Love,
I found a 2009 issue of The New York Times Magazine. The cover article is A Long Journey in the Dark: My Life with Chronic Depression. By Daphne Merkin.
The article is alarming in how exact it is. The words used to describe depression and how debilitating is grows to be are universal and personal at the same. I felt like calling MM to have him read it so he could understand this disorder from someone who could explain it better than I.
Ms. Merkin experienced depression beyond what I think I would tolerate. But there was a line in it that I had to highlight and share. It was in response to a suggestion and almost forced prescription for ECT:
"I'm not quite the pushover you take me to be. It was the first stirring of positive will on my own behalf, a delicate green bud that could easily be crushed, but I felt its force."
And I understood what this was. I understood what this feeling was. That moment when your brain has a change of heart and is defiant, even for a second. This entire article was scary, sad, loving, gentle, brutal all in one. It was honest and mean. It was a real look at depression. It did not make it look romantic and televisable. It was almost difficult to read but at the same time I wanted to read everything because it was what I wanted to say and what I wanted to write about my recent bout of depression that no one detected.

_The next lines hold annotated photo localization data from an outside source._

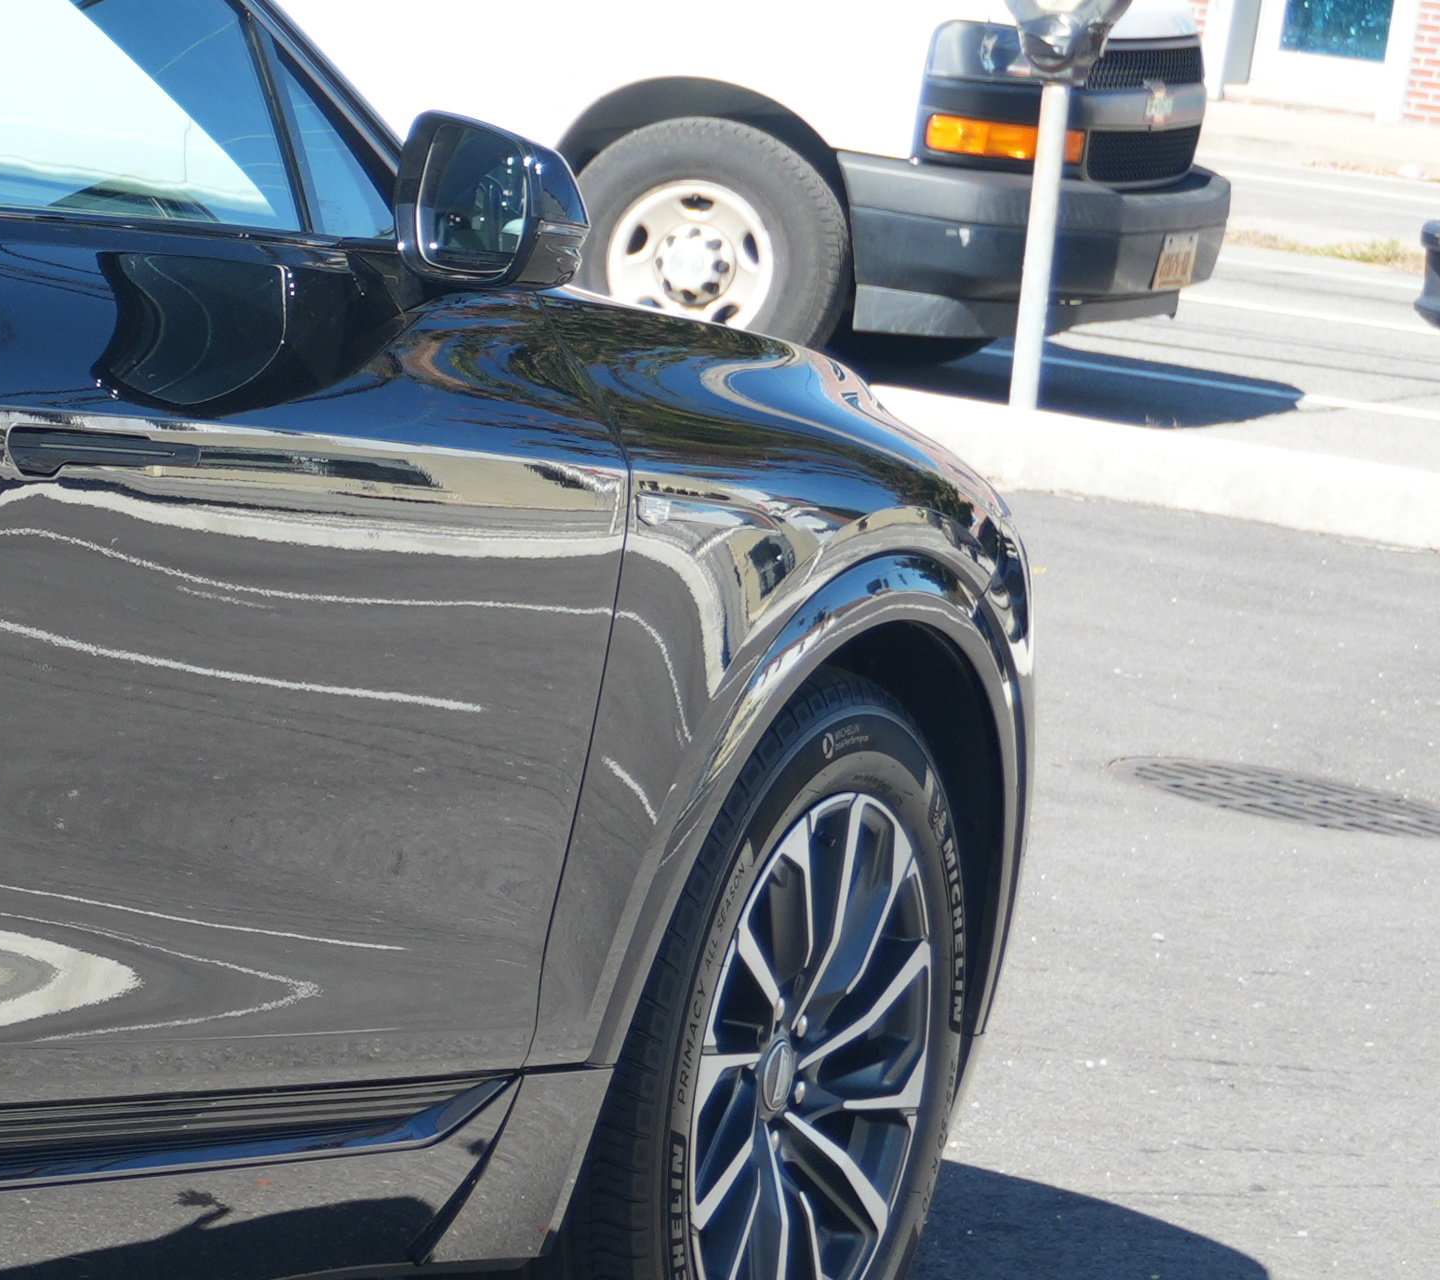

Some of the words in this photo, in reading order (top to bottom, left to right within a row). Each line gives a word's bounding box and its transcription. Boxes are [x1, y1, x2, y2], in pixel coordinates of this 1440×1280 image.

[677, 979, 706, 1105] PRIMACY
[705, 939, 719, 973] ALL
[717, 861, 746, 933] SEASON
[942, 837, 964, 1023] MICHELIN
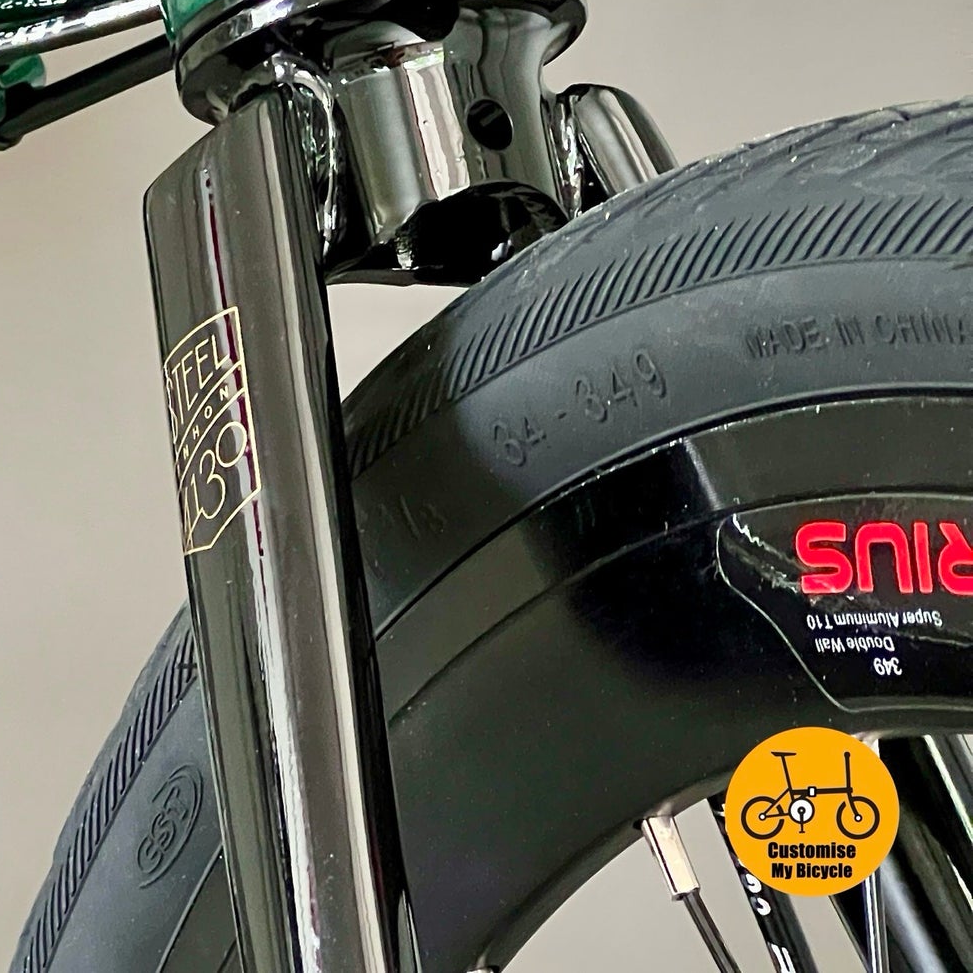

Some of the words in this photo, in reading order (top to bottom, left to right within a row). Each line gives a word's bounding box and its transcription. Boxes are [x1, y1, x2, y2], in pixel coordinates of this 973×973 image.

[745, 315, 824, 359] MADE
[831, 312, 866, 347] IN
[166, 334, 231, 444] STEEL
[176, 384, 229, 477] NHON
[806, 613, 834, 630] T10
[833, 611, 900, 628] Aluminum
[903, 610, 942, 627] Super
[815, 636, 846, 653] Wall
[847, 635, 895, 652] Double
[873, 657, 903, 676] 349
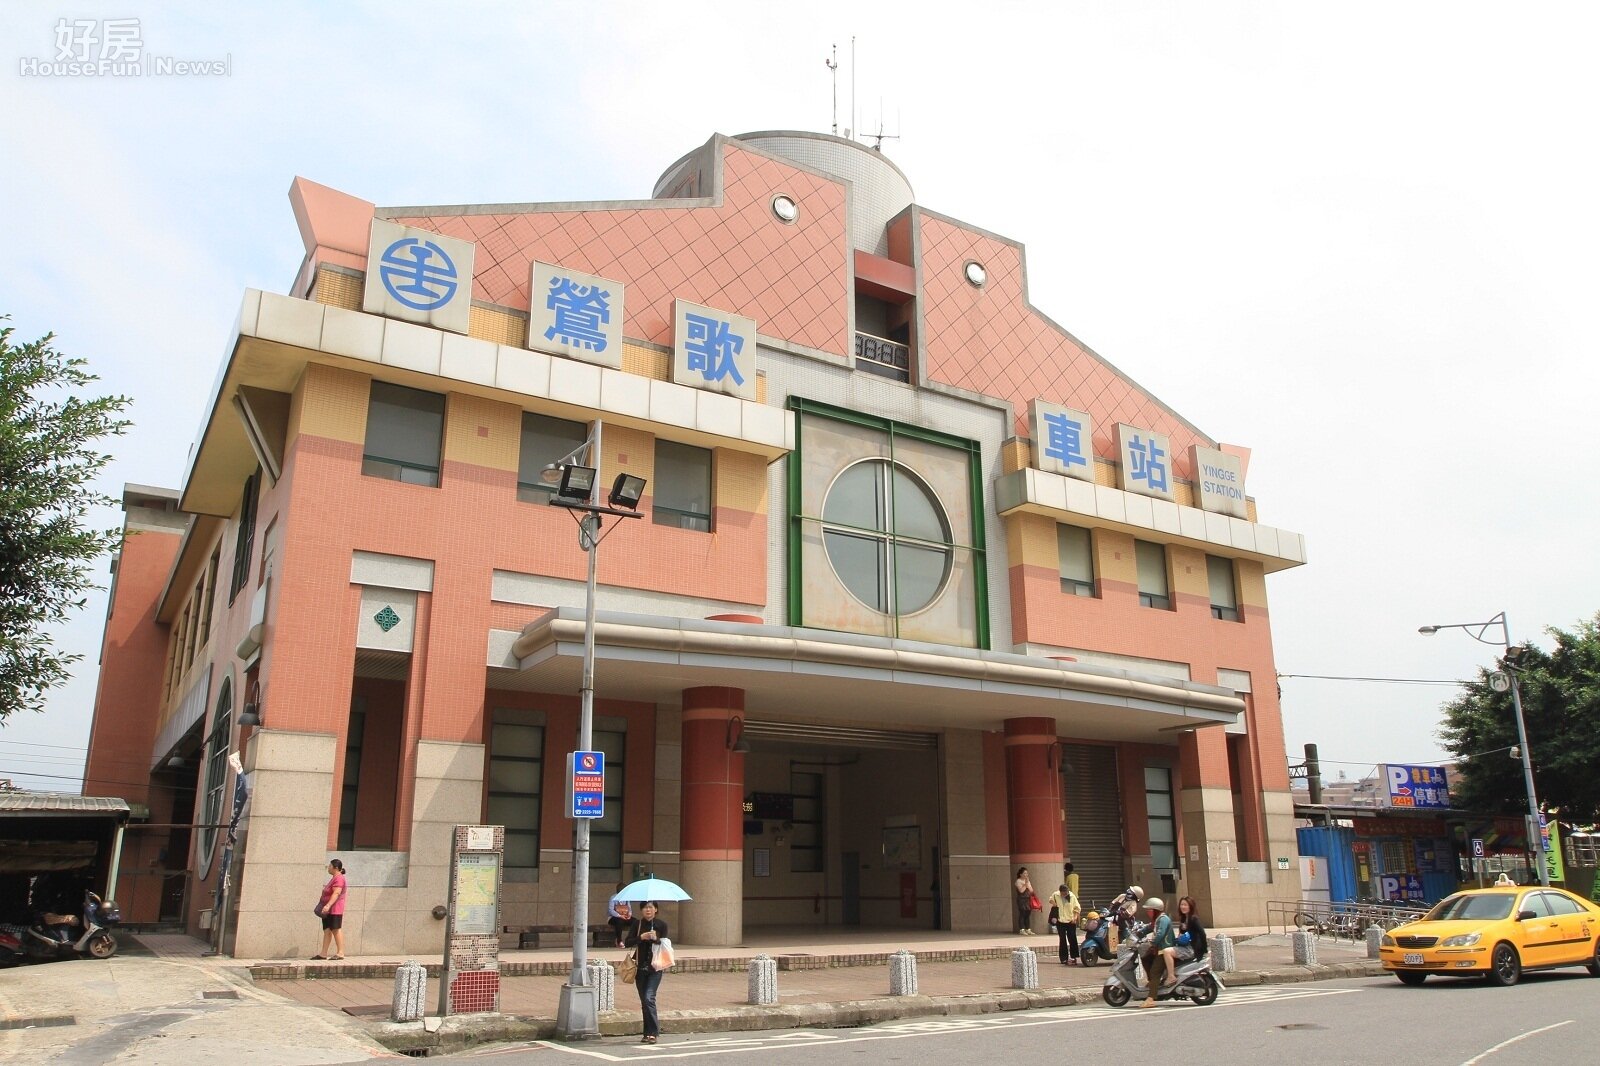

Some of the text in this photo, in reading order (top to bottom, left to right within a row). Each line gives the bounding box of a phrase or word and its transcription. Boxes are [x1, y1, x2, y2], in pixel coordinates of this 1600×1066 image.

[1203, 463, 1236, 482] YINGGE
[1204, 481, 1242, 500] STATION
[1387, 766, 1408, 793] P
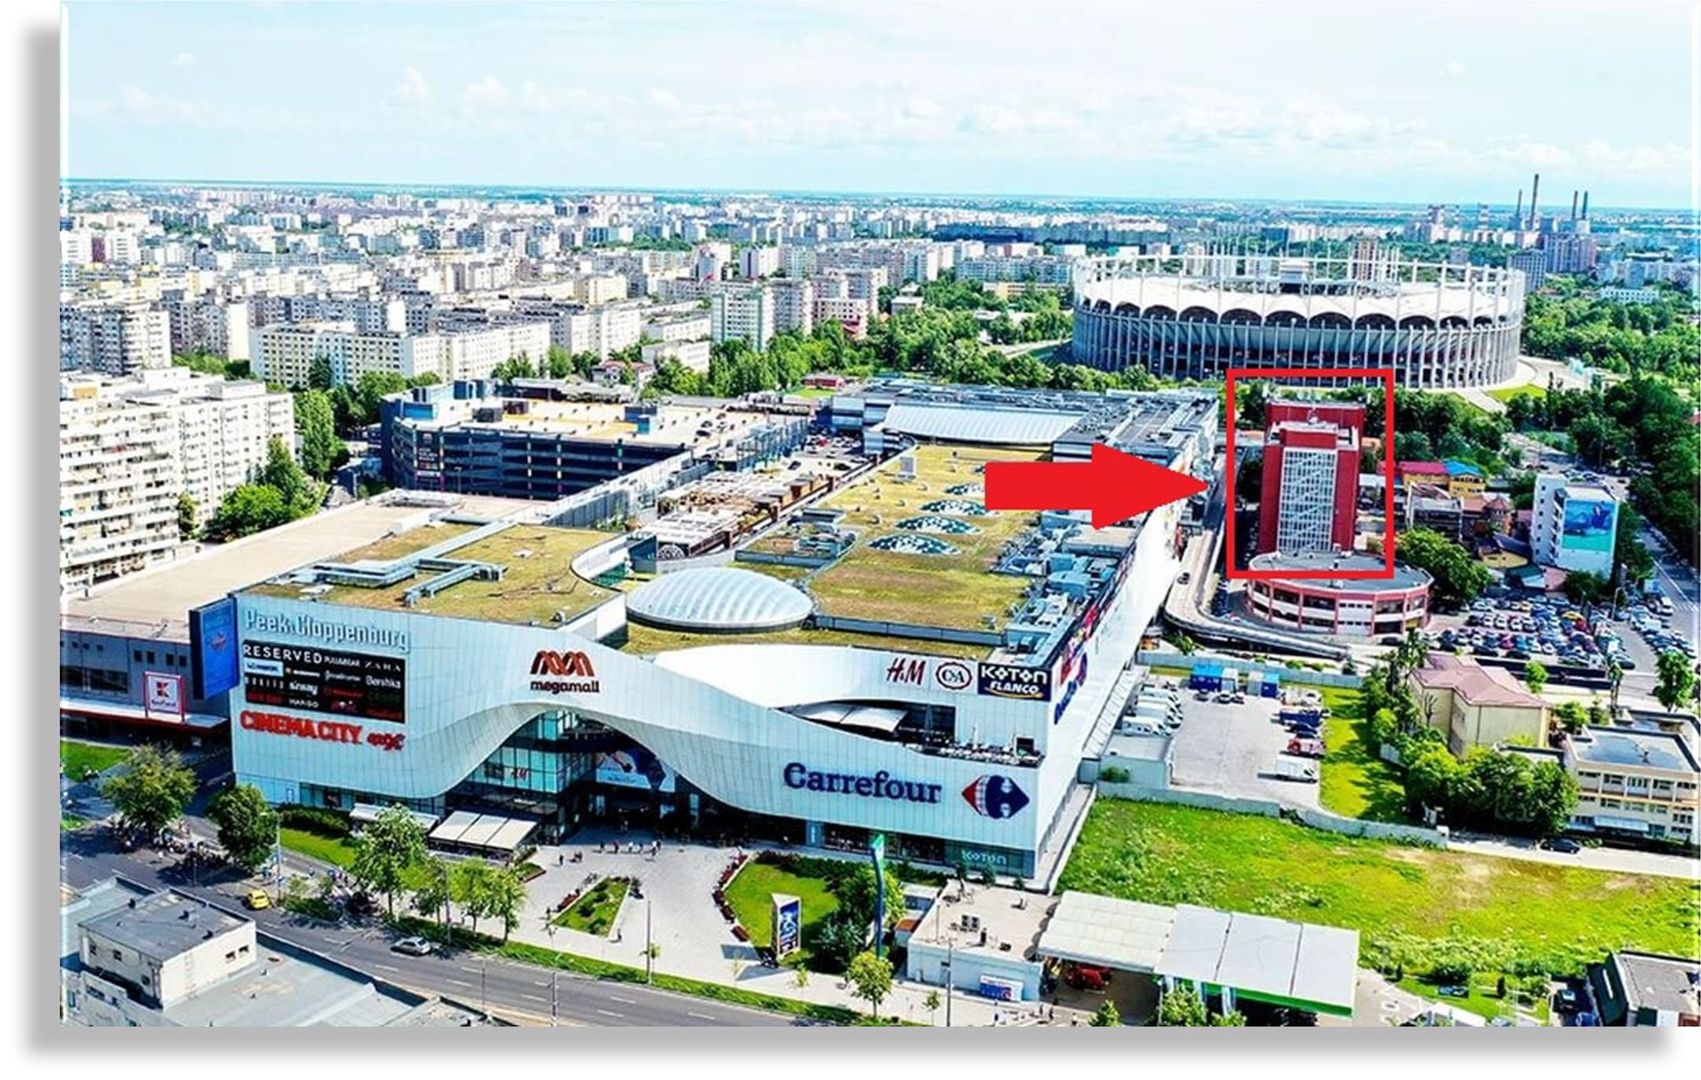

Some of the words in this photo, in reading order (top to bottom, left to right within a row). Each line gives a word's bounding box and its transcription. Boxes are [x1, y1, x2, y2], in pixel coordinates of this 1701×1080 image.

[243, 644, 322, 664] RESERVED
[886, 657, 926, 685] H&M
[365, 674, 402, 689] Bershka
[530, 680, 600, 694] megamall
[990, 681, 1039, 694] FLANCO
[783, 762, 942, 804] Carrefour
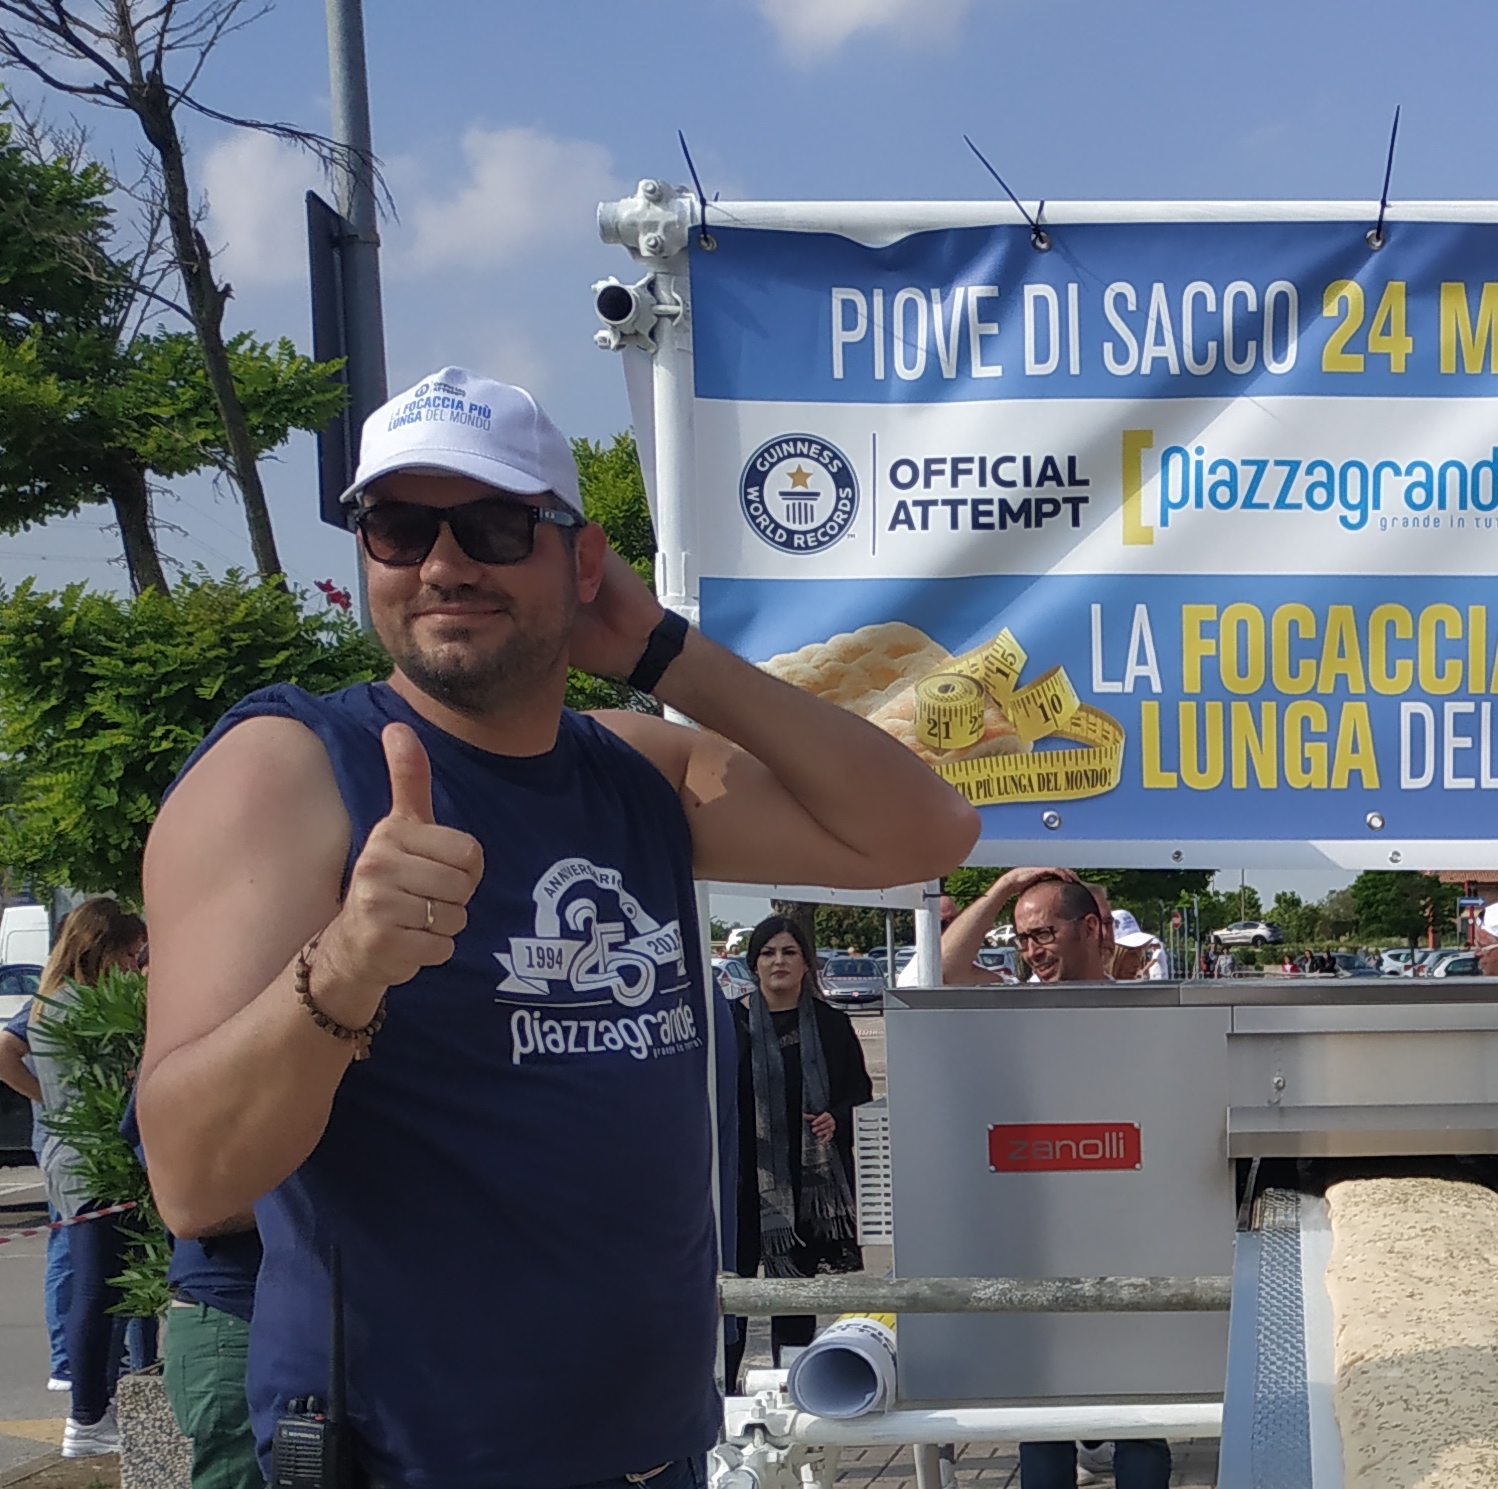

Before coming to Madison, I was in a state of shock and angst that I had not experienced in a long time. It hit me hard and fast. One day I was loving my life. Then the next, I had planned when, where, and how I would take my life, and no one saw this. No one noticed how many times I cried at work. No one saw the Google searches for nitrogen poisoning or suffocation by other means. Mom did not see how obsessive I was becoming with my weight and running and food. Mike did not see my running as an unhealthy habit. Instead I was applauded for being active and working out everyday. Nathania was the first to see the weight and say something.
This article also highlighted something about myself that I hate. And I do mean hate. I do not do things for me. I do not think for me. I am always thinking about being someone else. I am at a graduate school that Mike liked. I had no real preference. I am in an occupation that looked like other people were having fun. I read fashion blogs to strip the style off of the writers and wrap it around my own body. And I pretend to be unique and different when really I'm just a carbon copy at best of other people's wants and likes. But is everyone like this? Is that how we strive to identify with each other, by stealing other ideas. I mean Myspace was a convoluted Facebook and Twitter is essentially the stripped down Facebook. Internet Explorer is the dinosaur before Google and Firefox. Nokia and Motorola were the beginning of cellular phones. The greatest form of flattery is imitation? I suppose, but only if you are the one being imitated. Otherwise, what are you getting from the transaction?
So I guess I want to know who I am or really how I'll know when I arrive at the conclusion. Or is it like happiness- elusive, just out of reach, and another unattainable luxury? Then I have to ask, why are people with the simplest of lives content? Is happiness really just being content? I look at MM and wonder how in hell is he so pleased with himself. He works a job that does not satisfy his desires. He lives with a mutual friend that is like a rough woolly sweater. And yet, he is content. Up until recently he saw no need to become anything more. He was satisfied with himself. I believe that without my influence, he would still be living with his parents at the age of 26. And be perfectly happy doing so. I, on the other hand, am always searching for what will be my next object to chase? What will make me happy?! That could be a good thing- I am always evolving and progressing but is the stress, anxiety and depression and self doubt worth the progression?
Not really about love, but just a mind purge.